Sort of DP with Math solution? (Java)


  • 0
    C
    public int countNumbersWithUniqueDigits(int n) {
        if (n == 0) {
            return 1;
        }
        int x = 9;
        int total = 9;
        for (int i = 2; i <= n && i < 11; i++) {
            int d = 10 - i + 1;
            x = x * d;
            total += x;
        }
        return total + 1; //the 0
    }
    

    Let's call 1..9, group of numbers with 1 digit, 10..99, group of numbers with 2 digits, etc...
    If you had the solution for group of numbers of 2 digits, then the solution for the next groups can be built by adding one digit to the numbers that are part of the solution for the group of 2 digits; but only the digits that are not already in the number.

    For example:
    "10", a solution from group of 2 digits.
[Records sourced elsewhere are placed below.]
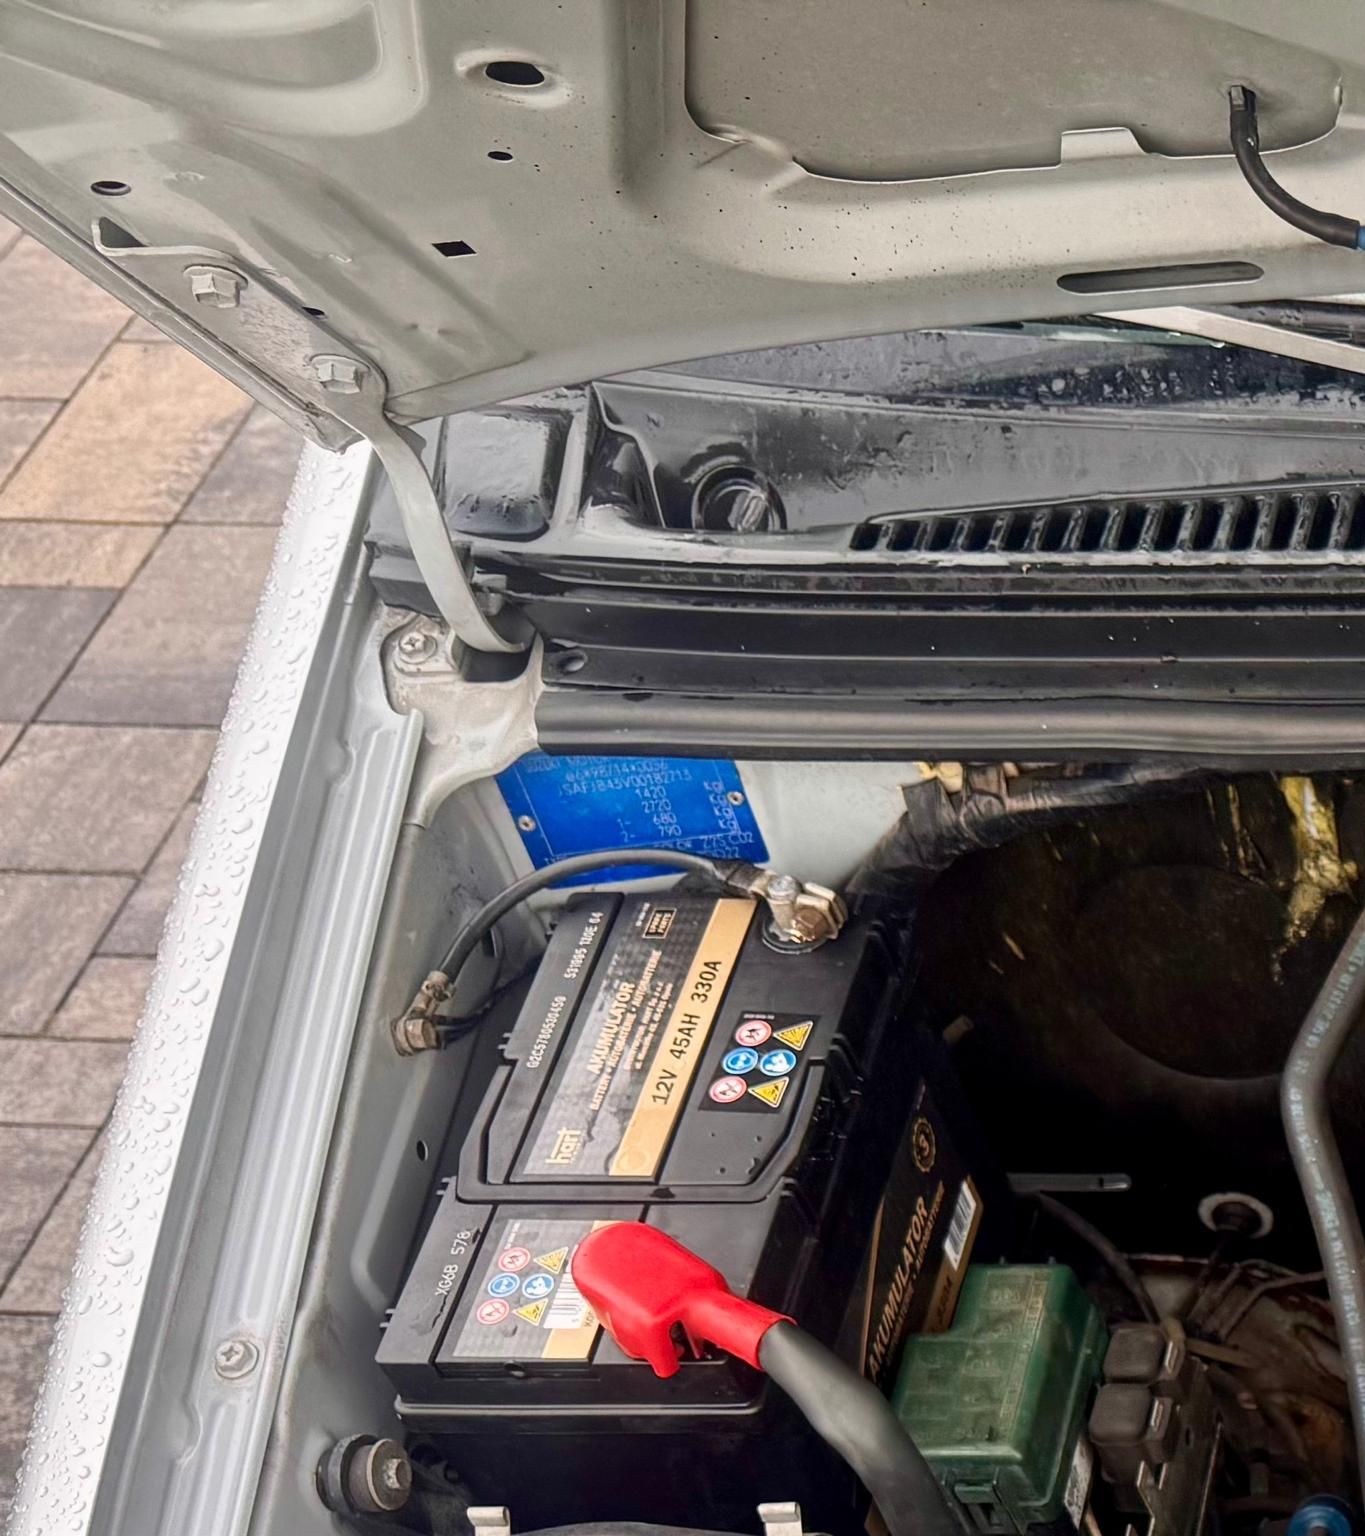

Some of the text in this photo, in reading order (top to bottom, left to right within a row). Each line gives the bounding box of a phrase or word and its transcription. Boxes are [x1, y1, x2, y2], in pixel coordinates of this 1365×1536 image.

[586, 981, 636, 1075] AKUMULATOR
[653, 1067, 678, 1106] 12V
[669, 1012, 701, 1061] 45AH
[692, 960, 723, 1004] 330A
[589, 1070, 613, 1111] BATTERY
[434, 1230, 471, 1297] XG6B 578
[868, 1195, 929, 1380] AKUMULATOR
Let's build the ones for group 3 with prefix "10":
    skip 0 (because it is in 10), skip 1 (idem), 102, 103, 104, ....
    So for each solution in the group of 2 digits, you can create 10 - 2 new ones (or one new solution per available digit).

    Therefore, using induction, you get:

    X_0 = 1
    X_1 = 9
    X_2 = X_1*(10-1)
    X_3 = X_2*(10-2)
    ...
    X_n = X_n-1 * (10 - n + 1)

    Where n is the number of digits of the number except for the especial case of 0. However, you need to see that for n > 10 you need to make the expression (10 - n + 1) equal 0, because if the number has more than 10 digits there is no way you can get a number with unique digits.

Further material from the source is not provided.